Afortunadamente el léxico que utilizamos para segregar los tiempos de producción de los tiempos propios es muy honesto. Cuando nos ubicamos fuera del tiempo productivo hablamos de tiempo libre, lo que permite colegir que no somos libres cuando formamos parte del engranaje de la producción. Disponibilidad, movilidad, flexibilidad, temporalidad, precariedad, son indiscutidos vectores neoliberales que atentan contra la soberanía de nuestro tiempo, y que la conversación pública debería abordar críticamente situando la vida humana en el centro de la reflexión. La vehemencia productiva y la rentabilidad entendida exclusivamente en términos monetarios boicotean permanentemente cualquier conato de adquisición de tiempo y todo lo humano que se deriva de esta apropiación. Somos ser y tiempo, como reza el título de la afamada obra de Heidegger, y si perdemos titularidad sobre el tiempo estamos licuando el ser que somos.
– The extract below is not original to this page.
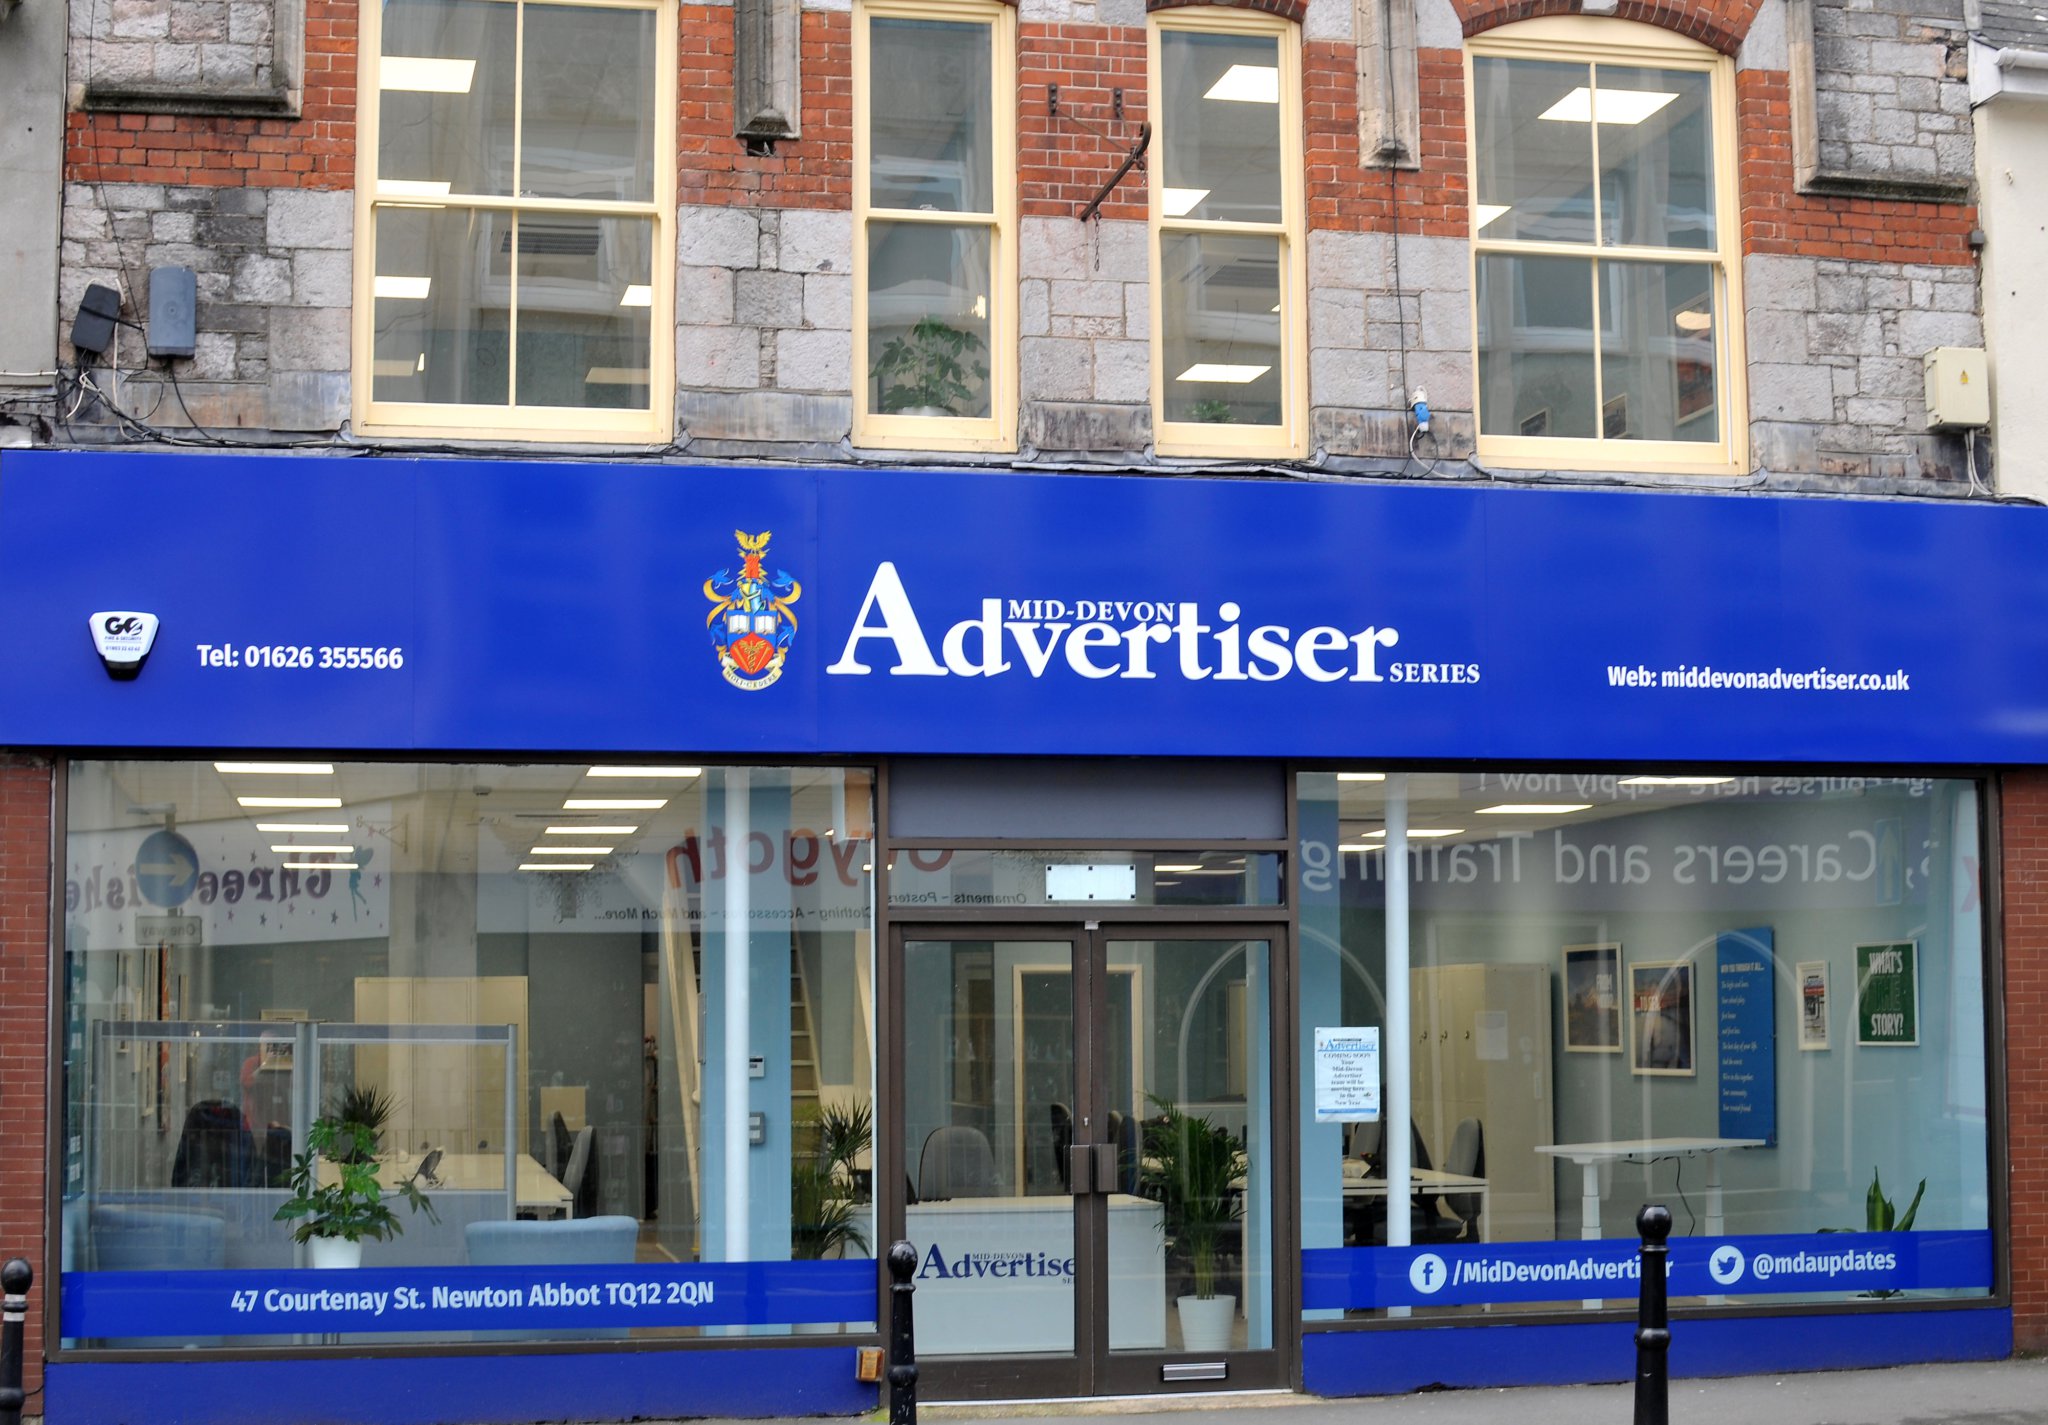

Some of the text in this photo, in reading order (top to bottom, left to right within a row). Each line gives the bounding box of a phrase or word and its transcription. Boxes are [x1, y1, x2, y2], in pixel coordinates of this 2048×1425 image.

A quién debería pertenecer el tiempo que somos y en qué porcentajes es el mejor pronosticador para dilucidar cómo queremos que sea la vida humana. 

Los acuciantes mandamientos de la lógica productiva y la rentabilidad han canibalizado el tiempo que podríamos destinar al cultivo de los afectos, la amistad, el cuidado, la atención, los sueños, la vocación, los goces estéticos, las actividades ajenas al beneficio económico, a aprender a hacer todo aquello que solo se aprende haciendo. Las vidas-trabajo (término que utiliza Remedios Zafra en El bucle invisible) que configuran al sujeto contemporáneo se condensan ante todo en entregar gigantescos bloques de tiempo diario, que es una forma de desposeernos de nuestro propio ser, sobre todo cuando lo realizado en ese tiempo está desidentificado con nuestra persona. Entonces padecemos la punzada de la alienación, el momento de desgarramiento en que sentimos cómo nuestra persona languidece en tareas que solo le proporcionan un salario, la mayoría de las veces exiguo y ridículamente desacompasado con el tiempo que se exige a cambio. El activismo lanzó hace unos años una interrogación que interpelaba la ordenación de esta manera de vivir: «¿Cuánta cantidad de vida te cuesta tu sueldo?». En Ciudad princesa Marina Garcés es taxativa. «El dinero se paga con vida, con tiempo de vida»Solemos desdeñar el dinero al compararlo con las dimensiones relevantes de la vida que no tienen precio, pero es lo que nos reembolsa la producción por adueñarse de nuestro tiempo, que es una manera edulcorada de señalar la incautación de nuestra vida. Un dinero destinado por la gran mayoría a sufragar las necesidades que atañe estar vivos. Si no disponemos de un tiempo ganado al tiempo de producción a través de una forma más humana de organizar la existencia  compartida, entonces vivimos subordinados a la desesperante obtención de ingresos con los que sobrevivir. En la era de la tecnociencia estaremos haciendo lo mismo que nuestros ancestros más antiquísimos, solo que de un modo aparentemente distinto.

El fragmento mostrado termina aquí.